1) Avant le 02.09.2004

Quelles étaient les règles applicables pour la prise en charge des frais et honoraires d’avocat ?

La matière était réglementée par l’article 1022 du Code Judiciaire – ancienne mouture.

Toute partie à un procès civil ou commercial pouvait demander la condamnation de la partie qui succombait à lui payer un montant appelé « indemnité de procédure »

Quels montants ?

Le montant maximum, c’est-à-dire pour les affaire supérieures à 2 500,00 € était de plus ou moins 350,00 €.

Même en faisant preuve de beaucoup de modération, l’avocat de la partie qui gagnait trouvait rarement dans cette indemnité de procédure un montant suffisant pour couvrir ses frais et honoraires de telle sorte que le justiciable qui gagnait devait, dans 99 % des cas, mettre la main à son portefeuille pour payer son conseil.

Goût amer évidemment dans la bouche du vainqueur car, même en gagnant sur toute la ligne son procès, il perdait quand-même quelques centaines ou quelques milliers d’euros selon la difficulté du dossier

2) Le 02.09.2004

La Cour de Cassation de Belgique prononce un arrêt qui met en ébullition l’ensemble du monde judiciaire puisque, pour la première fois, la Cour suprême décide que les frais et honoraires de l’avocat d’une partie constitue une partie intégrante de son dommage et, en conséquence, tout justiciable qui expose des frais de défense peut les réclamer à son adversaire.

Pluie de réclamations devant les Tribunaux qui vont réagir de façon tout à fait disparates.

Certains vont appliquer la jurisprudence sensu stricto et on va fleurir des décisions portant condamnation à des montants parfois très importants, certains autres estiment que pour telle ou telle procédure, il n’est pas nécessaire d’avoir un avocat et rejette la réclamation des frais et honoraires à faire supporter par l’adversaire.

D’autres enfin ne tranchent pas la question et invitent les avocats à s’expliquer et à justifier les raisons pour lesquelles ils ont dû intervenir, les raisons pour lesquelles ils ont posé tel ou tel acte et pourquoi ils le valorisent à tel montant…

Chacun des acteurs du monde judiciaire s’est rapidement aperçu que l’application de la jurisprudence de la Cour de Cassation du 02.09.2004 posait plus de problèmes qu’elle n’en réglait.

Madame ONKELINCKX, Ministre de la Justice, s’est alors tournée verse les ordres francophone et néerlandophone du Barreau afin de demander selon eux, qu’elle serait la règle à édicter pour ramener une certaine sérénité dans les prétoires.
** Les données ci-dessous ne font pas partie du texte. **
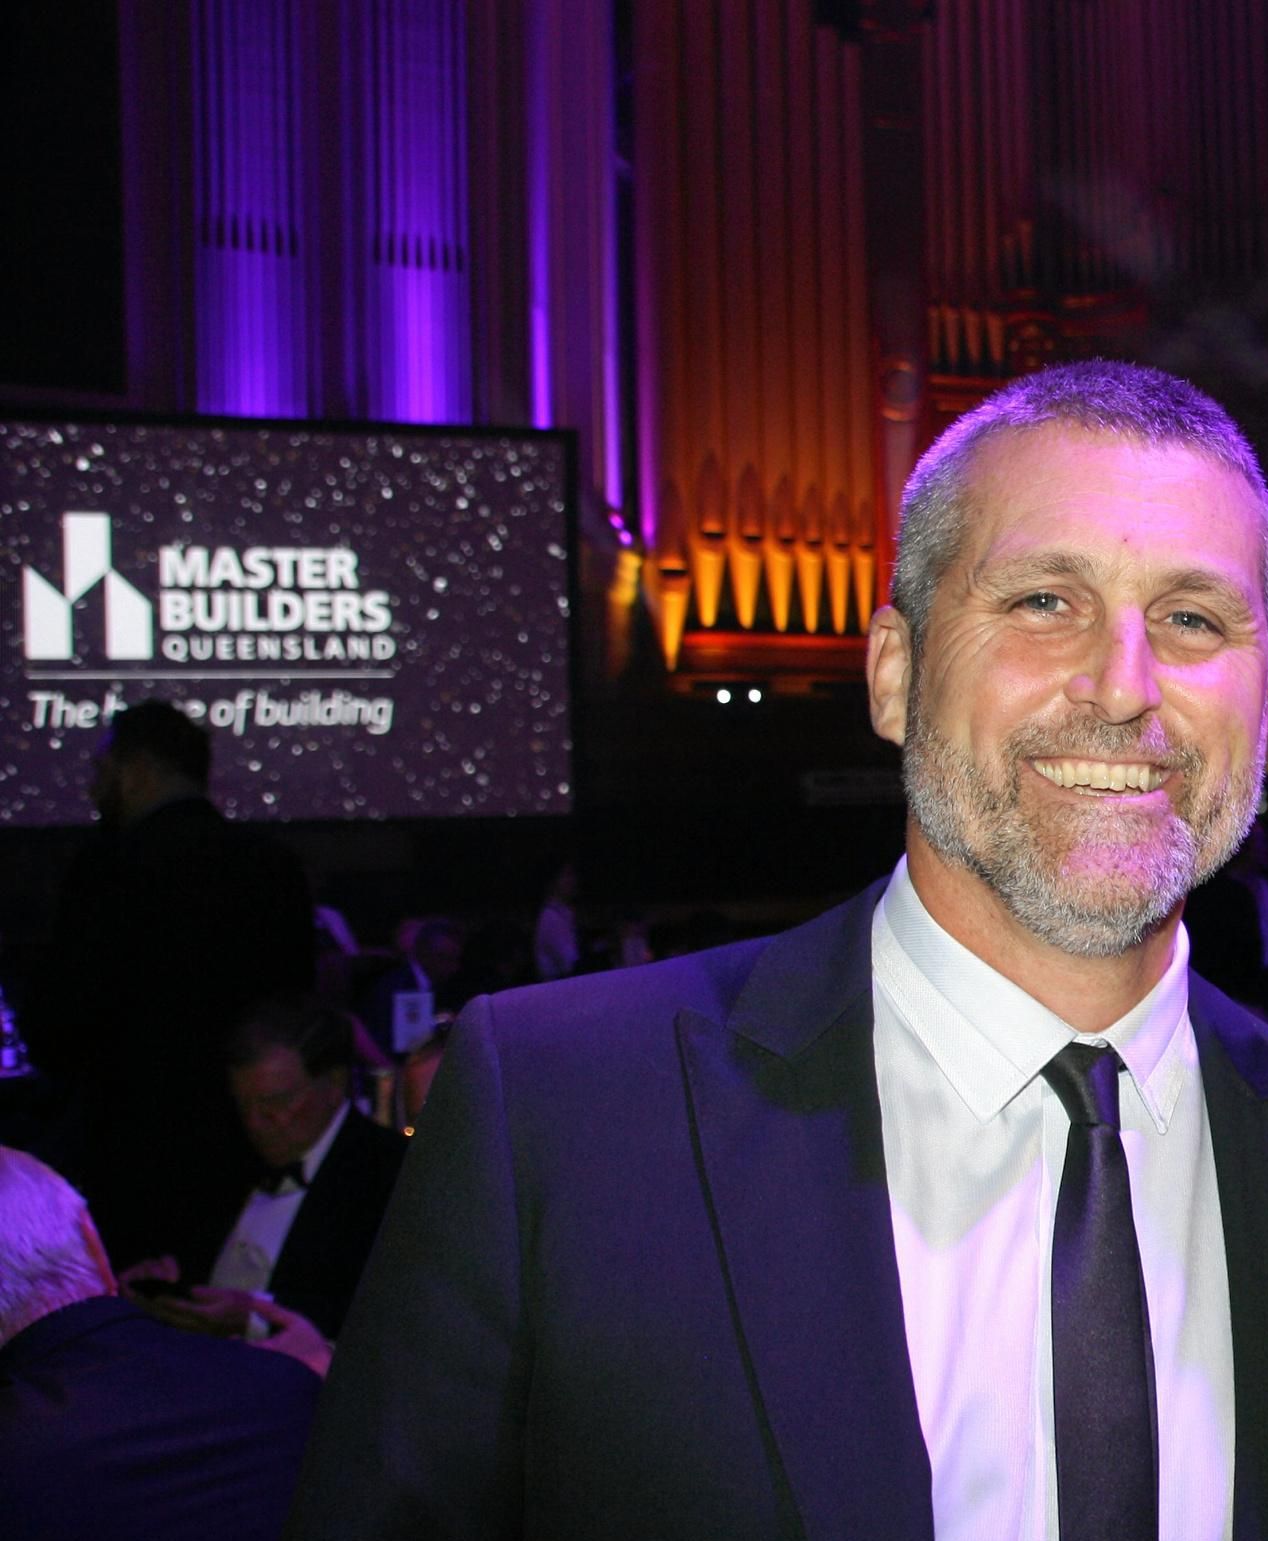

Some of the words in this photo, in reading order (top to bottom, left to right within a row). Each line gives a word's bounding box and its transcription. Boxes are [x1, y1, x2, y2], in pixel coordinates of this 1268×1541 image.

[159, 546, 358, 589] MASTER
[159, 589, 392, 633] BUILDERS
[162, 634, 396, 662] QUEENSLAND
[27, 690, 98, 728] The
[209, 689, 254, 736] of
[254, 688, 394, 736] building
Néerlandophones et francophones se sont concertés et d’une seule voix, ont invité le législateur à établir une disposition nouvelle qui mettrait un terme aux dérives de l’arrêt de la Cour de Cassation du 02.09.2004 et rassurerait tous les acteurs du monde judiciaire par la fixation de nouvelles indemnités de procédure qui, cette fois, tiendraient mieux compte du coût réelle d’une procédure judiciaire.

3) Nous arrivons ainsi à la loi du 21.04.2007 qui énonce que l’indemnité de procédure est une intervention forfaitaire dans les frais et honoraires d’avocat de la partie ayant obtenu gain de cause.

Cette loi renvoie à un arrêté royal qui fixe le montant de ces fameuses indemnités de procédure.

La loi date du 21.04.2007 et l’arrêté royal qui fixe ces fameuses indemnités n’a été pris que le 26.10.2007 et est entré en vigueur le 01.01.2008.

Que faut-il retenir de cette loi et de l’arrêté royal qui la complète ?

L’indemnité de procédure est désormais la seule indemnité à laquelle la partie qui obtient gain de cause peut prétendre au titre de l’intervention d’un avocat.

Elle a donc un caractère à la fois exclusif et limitatif…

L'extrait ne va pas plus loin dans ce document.